Who is behind this document?
This page and the corresponding code change was written by User:Tgr (in a volunteer capacity). Based on the discussion in T190015 and on wikitech-l, I believe it has the consensus of the MediaWiki developer community.
Is this an RfC?
Not in the sense that the change would be done or not done based on community consensus. This is not a vote. Software security decisions are governed by the consensus of the MediaWiki developer community, rather than the consensus of editors; the final decision will be made via code review, as usual. That said, your feedback is very much wanted! The discussion might uncover reasons for doing things differently than suggested here, or it might decide on important details, such as what other permissions the new user group should get. It may also help communities address this software change in their policies and procedures.
Is this a kneejerk response to the recent incidents?
No. While I hope they have highlighted the importance of this change, the idea has been discussed for years, and the specific patch which this consultation is about was written in March.
Even if this happens, there will still be some ways for administrators to deploy sitewide JS.
That's a (hard) technical problem that will eventually be dealt with. Nevertheless, limiting the JS-editing ability of administrators to a few obscure and not-widely-known hacks significantly reduces the attack surface, and makes the remaining vulnerabilities much easier to monitor.
Why is CSS editing treated the same way as JS editing?
While CSS is less dangerous than JS it is still pretty bad:
  • Image-related CSS properties can be used to deanonymize editors.
  • In some older browsers, JavaScript code can be embedded in CSS.
  • CSS can be used to steal edit tokens (and thus make edits in another user's name and with their privileges), although for now this is limited by lack of browser support.
  • CSS-based clickjacking can be used to set up phishing attacks.
Data shows[2] that almost all admins who regularly edit CSS edit JS as well, so there is no reason not to treat the two problems together.
In the future, the ability to edit a sanitized, safe subset of CSS might be reintroduced; watch the TemplateStyles project for work in progress on that front.
Does this also affect TemplateStyles .css pages?
No, only CSS pages in the MediaWiki namespace. TemplateStyles CSS code is automatically sanitized to ensure it cannot be used for anything dangerous.
Why not work instead on automatically preventing users with the ability of editing JavaScript from doing anything bad?
While there are advances to be had on that front (such as CSP and some form of edit review), they will never be able to fully prevent attacks – it is just not possible to sanitize a programming language. Also, they are much more complex and require far more effort. In the short term, reducing the number of accounts who can edit JavaScript is by far the most feasible mitigation strategy; in the long term, it should still be done alongside the others.
What about the editusercss/edituserjs permissions?

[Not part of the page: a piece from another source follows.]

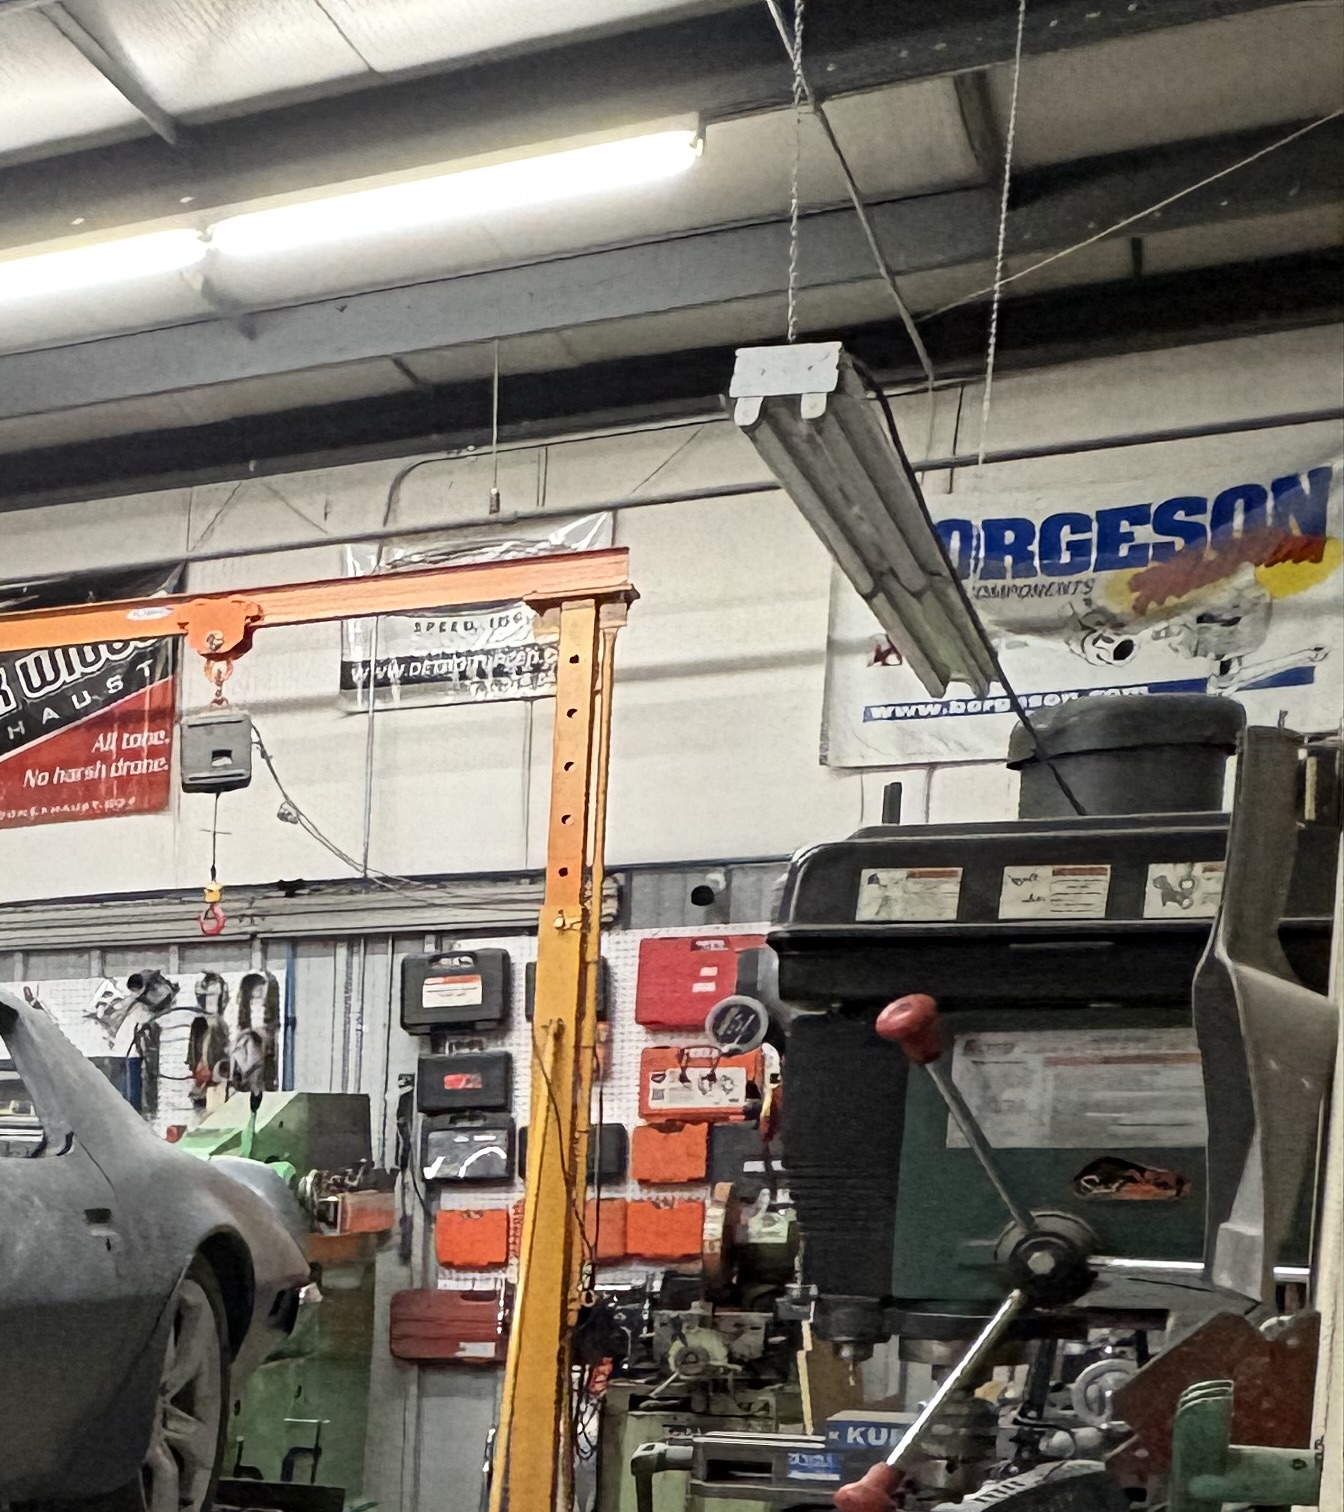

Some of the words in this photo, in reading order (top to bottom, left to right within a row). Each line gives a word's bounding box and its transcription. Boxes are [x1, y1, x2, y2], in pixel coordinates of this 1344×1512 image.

[931, 465, 1333, 580] ORGESON
[91, 731, 118, 753] All
[23, 766, 49, 789] No
[52, 760, 107, 785] harsh
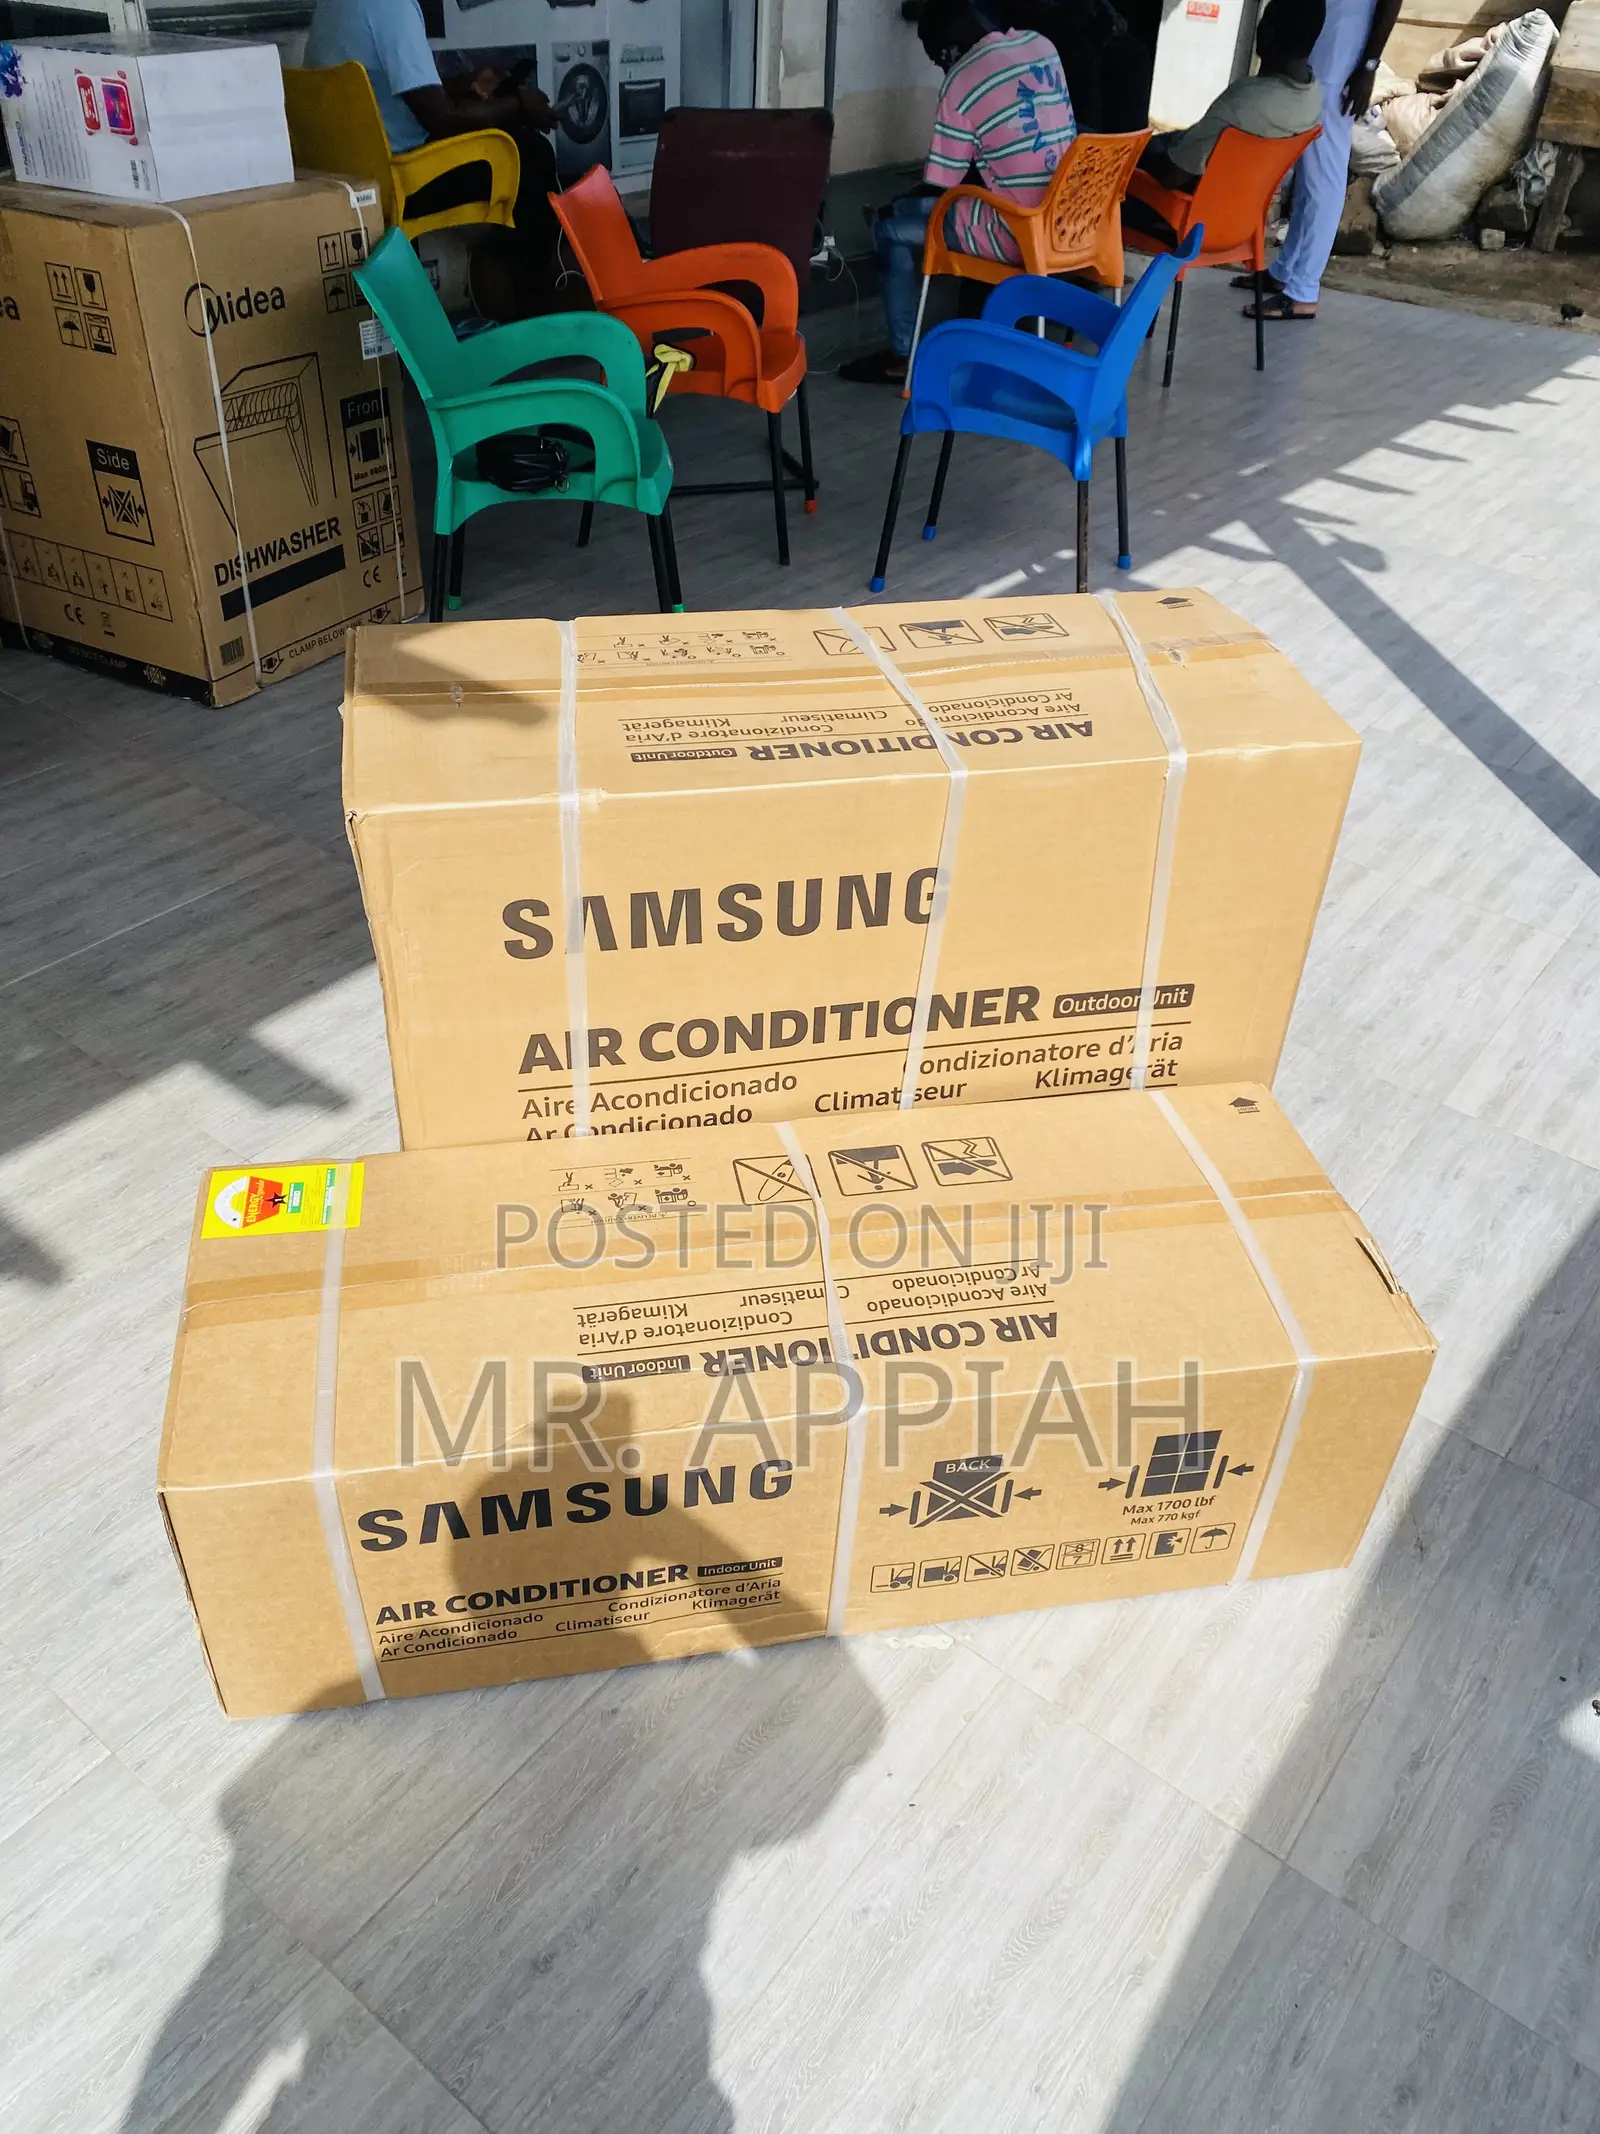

These (little known and very rarely used) permissions allow the editing of another user's personal CSS/JS. Since that allows stealing the target user's account, the same considerations apply and these permissions will be restricted the same way. (In the longer term, see T197087.)
What about the new editsitejson permission?
That is for editing .json pages in the MediaWiki namespace (something the software has recently learned to handle specially, meant as configuration pages for gadgets and bots). JSON is data, not code, so editing it is not considered dangerous and admins will still be able to do it; gadgets should be written in such a way that an attacker who can control .json pages should not be able to compromise them.

References

  1. On the top five wikis, 75% of admins have never edited CSS/JS; 92% of admins have almost never done so.